Jean-Pierre Salgas
bespricht Kora Vérons große
Biografie über einen Klassiker des Postkolonialismus und Miterfinder der Idee der "Négritude": "
Aimé Césaire - Configurations". Dabei stellt er auch das inzwischen berühmte
Holocaust-Zitat Césaires in den Kontext, das hier mal in aller Ausführlichkeit wiedergegeben wird. Es ist ein Urdokument jener Opferkonkurrenz, die spätere Diskurse über den Holocaust vergiftet - Césaire behauptet, der Holocaust würde nur als besonders schlimmes Verbrechen wahrgenommen, weil er ein Verbrechen
von Weißen an Weißen sei. Weniger bekannt ist in der deutschen Debatte, dass Césaire damit quasi die
offizielle Position der Kommunistischen Partei vertrat, deren Abgeordneter er war. Ganz liest sich das Zitat über den Nationalsozialismus so: "Ja, es würde sich lohnen, das Vorgehen Hitlers und des Hitlerismus präzise im Detail zu studieren und dem sehr vornehmen, sehr humanistischen, sehr christlichen Bourgeois des 20. Jahrhunderts zu offenbaren, dass er
einen Hitler in sich trägt, von dem er nichts weiß, dass Hitler in ihm wohnt, dass Hitler sein Dämon ist, dass es
nur unlogisch ist, wenn er ihn schmäht, und dass, was er Hitler nicht verzeiht, nicht das Verbrechen an sich ist, das Verbrechen gegen den Menschen, die Erniedrigung des Menschen an sich, sondern dass dieses Verbrechen gegen den
weißen Mann verübt wurde, dass der weiße Mann erniedrigt wurde, und dass er auf Europa die
kolonialistischen Verfahren angewandt hat, die bisher nur auf die Araber in Algerien, die Kulis in Indien und die Neger in Afrika angewandt wurden." Dieses Zitat, so Salgas, stand in einer Broschüre, für die der KP-Grande
Jacques Duclos das Vorwort schrieb. Erst 1956 wandte sich Césaire, wie so viele, vom Stalinismus ab.

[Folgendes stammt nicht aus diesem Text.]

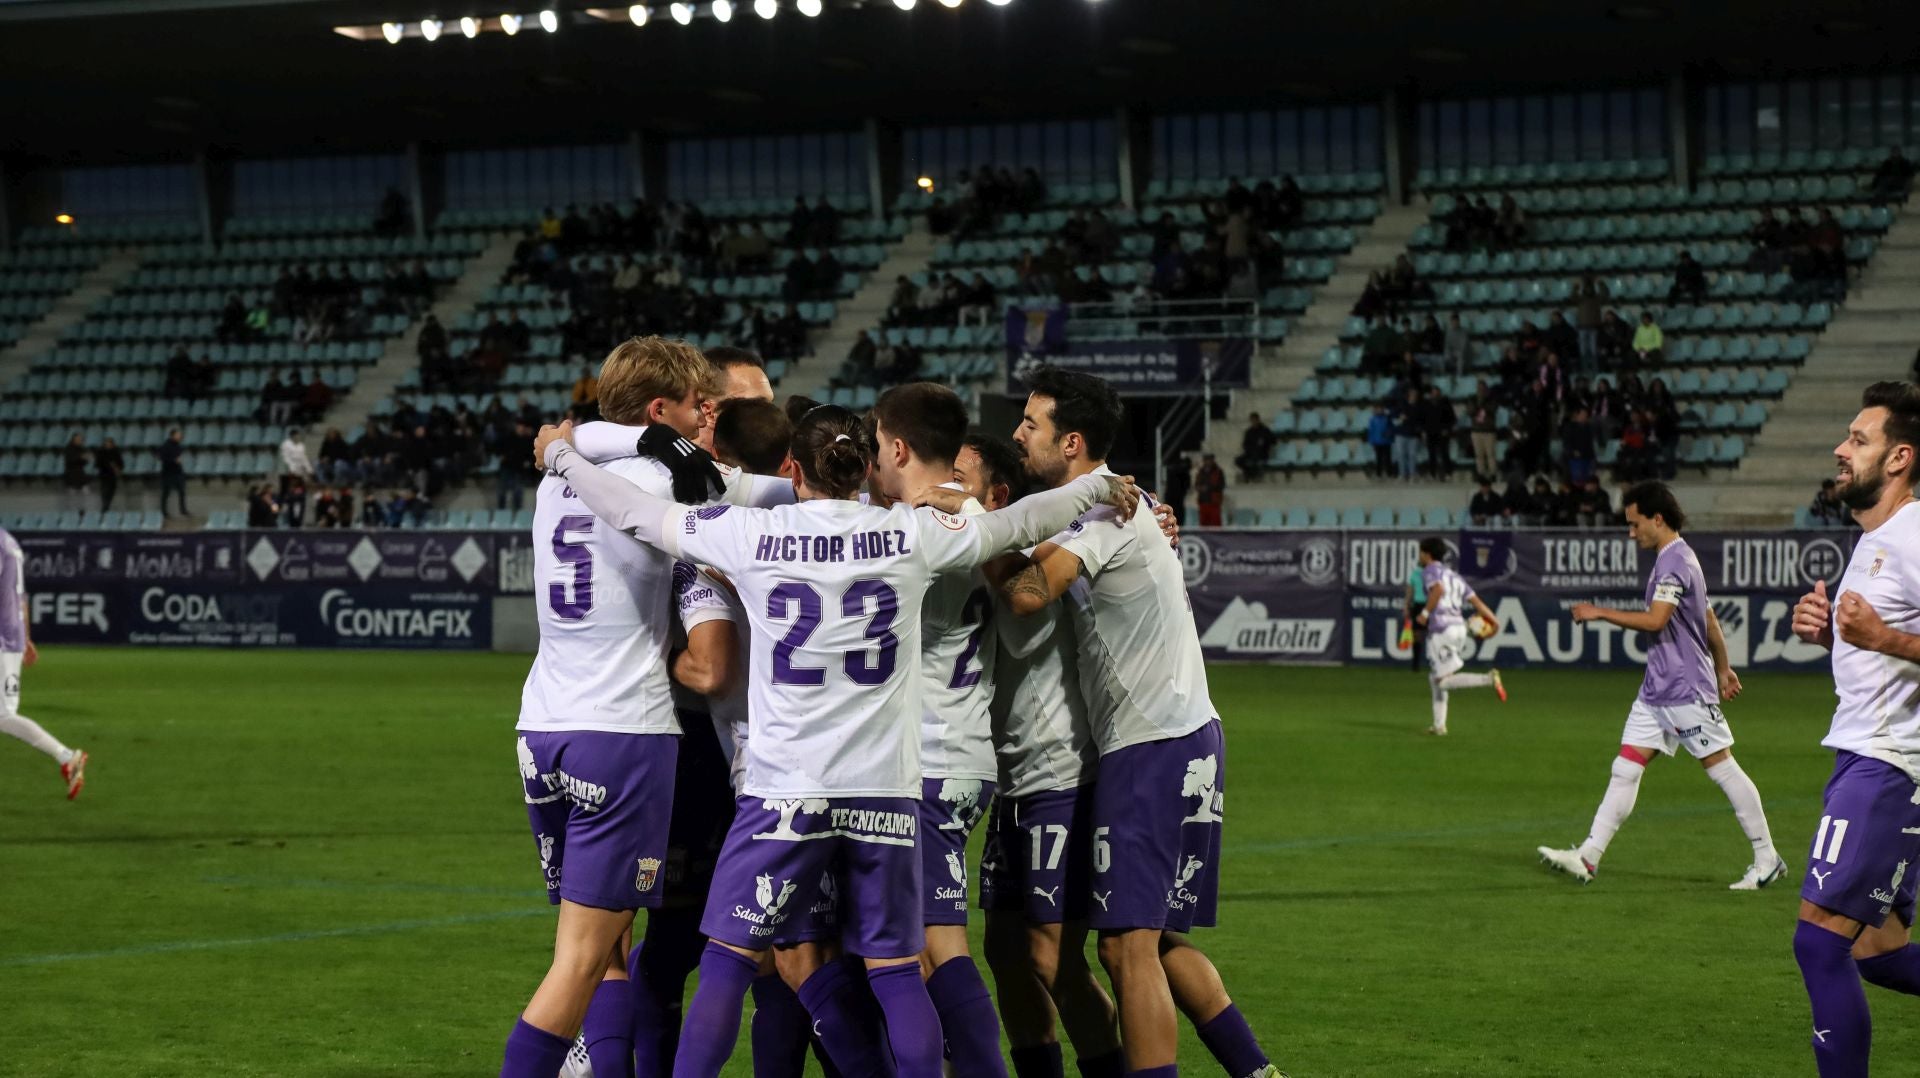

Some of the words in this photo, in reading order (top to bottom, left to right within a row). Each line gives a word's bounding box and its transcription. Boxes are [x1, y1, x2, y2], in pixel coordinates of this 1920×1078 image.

[852, 530, 911, 561] HDEZ
[1181, 542, 1202, 571] B
[1543, 539, 1639, 573] TERCERA
[24, 552, 77, 578] oMa
[549, 515, 596, 620] 5
[31, 592, 110, 633] FER
[335, 608, 473, 638] CONTAFIX
[766, 578, 900, 686] 23
[1236, 621, 1322, 648] antolin
[831, 808, 916, 836] TECNICAMPO
[1030, 824, 1069, 871] 17
[1093, 826, 1111, 873] 6
[1812, 815, 1849, 864] 11
[935, 887, 963, 900] Sdad
[732, 905, 767, 924] Sdad
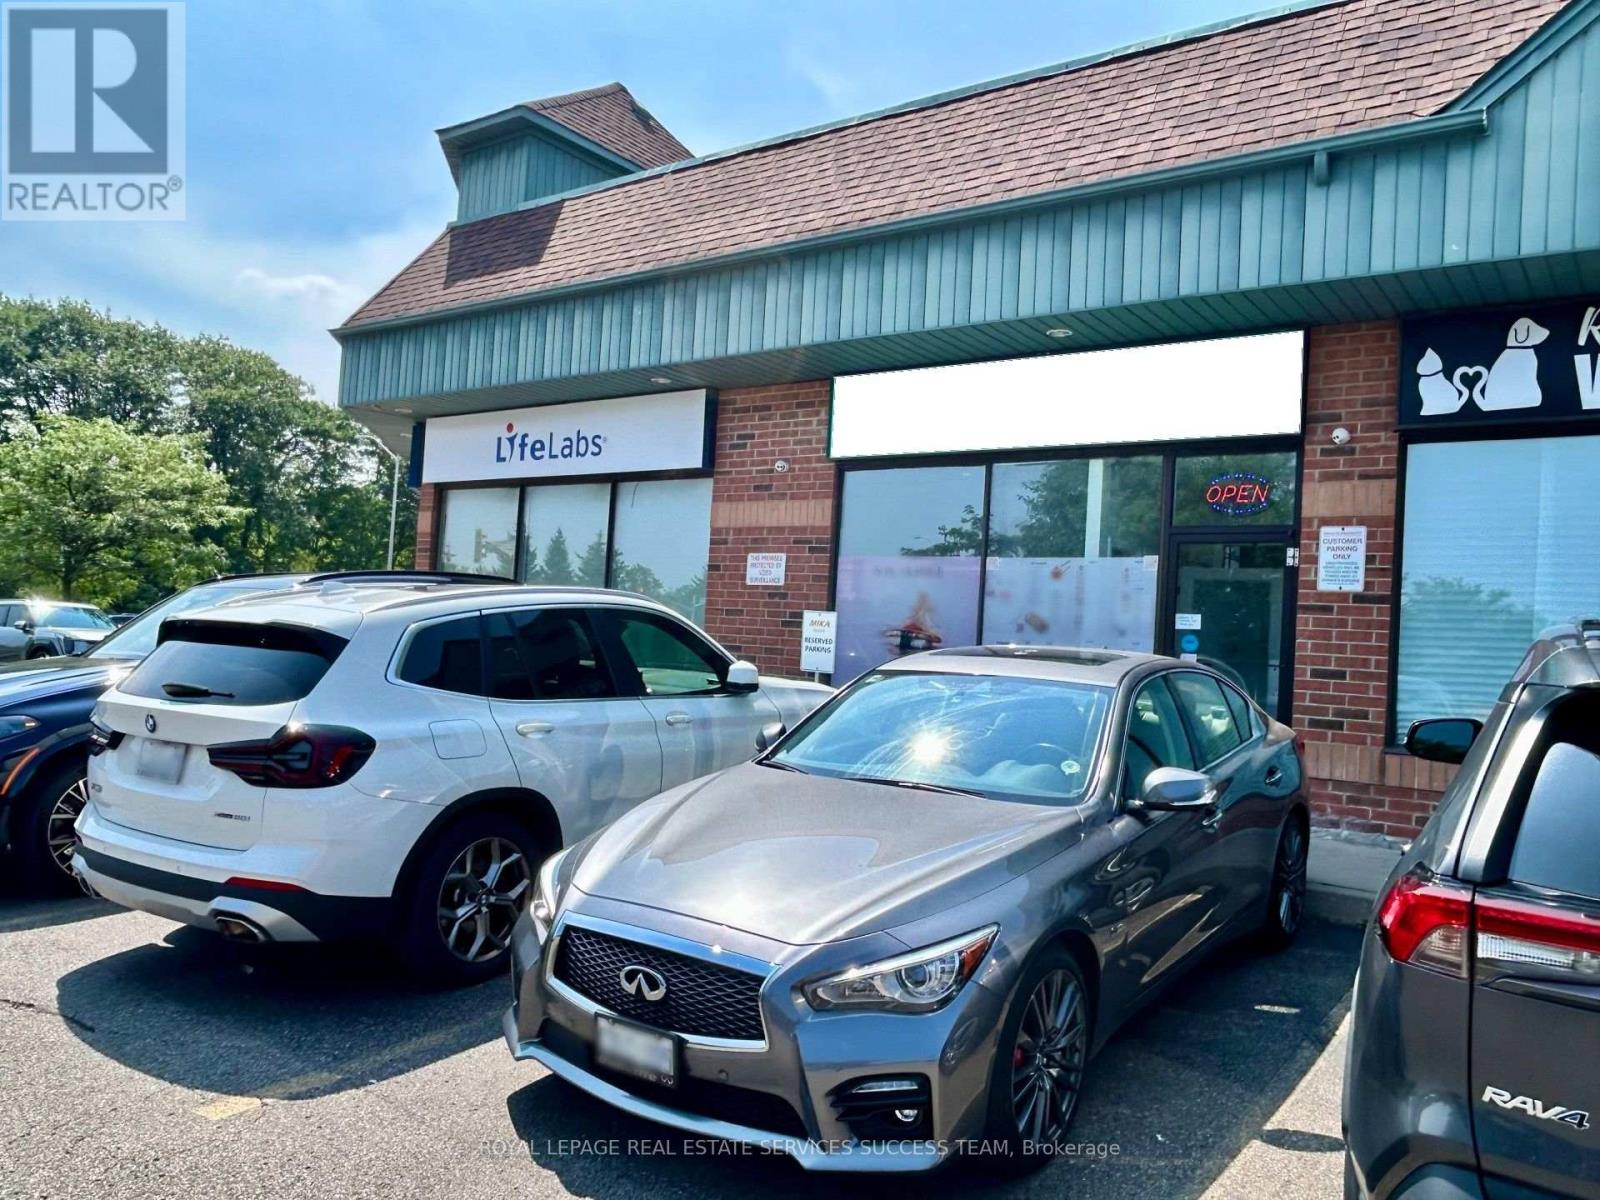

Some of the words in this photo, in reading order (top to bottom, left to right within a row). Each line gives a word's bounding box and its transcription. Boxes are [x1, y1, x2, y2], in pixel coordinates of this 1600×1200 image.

Frankreich gedachte am Wochenende des
17. Oktober 1961. An diesem Datum hat die Pariser Polizei ein Massaker an
demonstrierenden Algeriern angerichtet. Polizeichef war der schon in der Vichy-Zeit berüchtigte Kollaborateur
Maurice Papon. Pierre Benetti und Pierre Tenne
unterhalten sich mit
Jim House, Autor eines neu aufgelegten Buchs zu diesen Geschehnissen. Auch in Algerien wurde des Massakers erst spät gedacht, weil die französische Sektion des FLN, die die niedergeschlagene Demo an diesem Tag organisiert hatte, nach der Unabhängigkeit internen Purifizierungen zum Opfer fiel: "Es ist wichtig zu verstehen, dass sich die ehemaligen Akteure der Französischen Föderation des FLN in der algerischen Gesellschaft
marginalisiert und ausgeschlossen fühlen. Zugleich kehrten viele Algerier nach der Unabhängigkeit zurück, blieben in Frankreich oder wechselten hin und her. Heute gilt der 17. Oktober 1961 in den Medien als eines der Schlüsseldaten des Krieges; dieser Status wurde jedoch erst spät erlangt und geht auf die politischen Debatten in Frankreich zwischen 1980 und 2000 zurück. Der Stellenwert der algerischen Einwanderung im Kampf um die Unabhängigkeit wurde allmählich besser anerkannt, und damit auch der 17. Oktober 1961."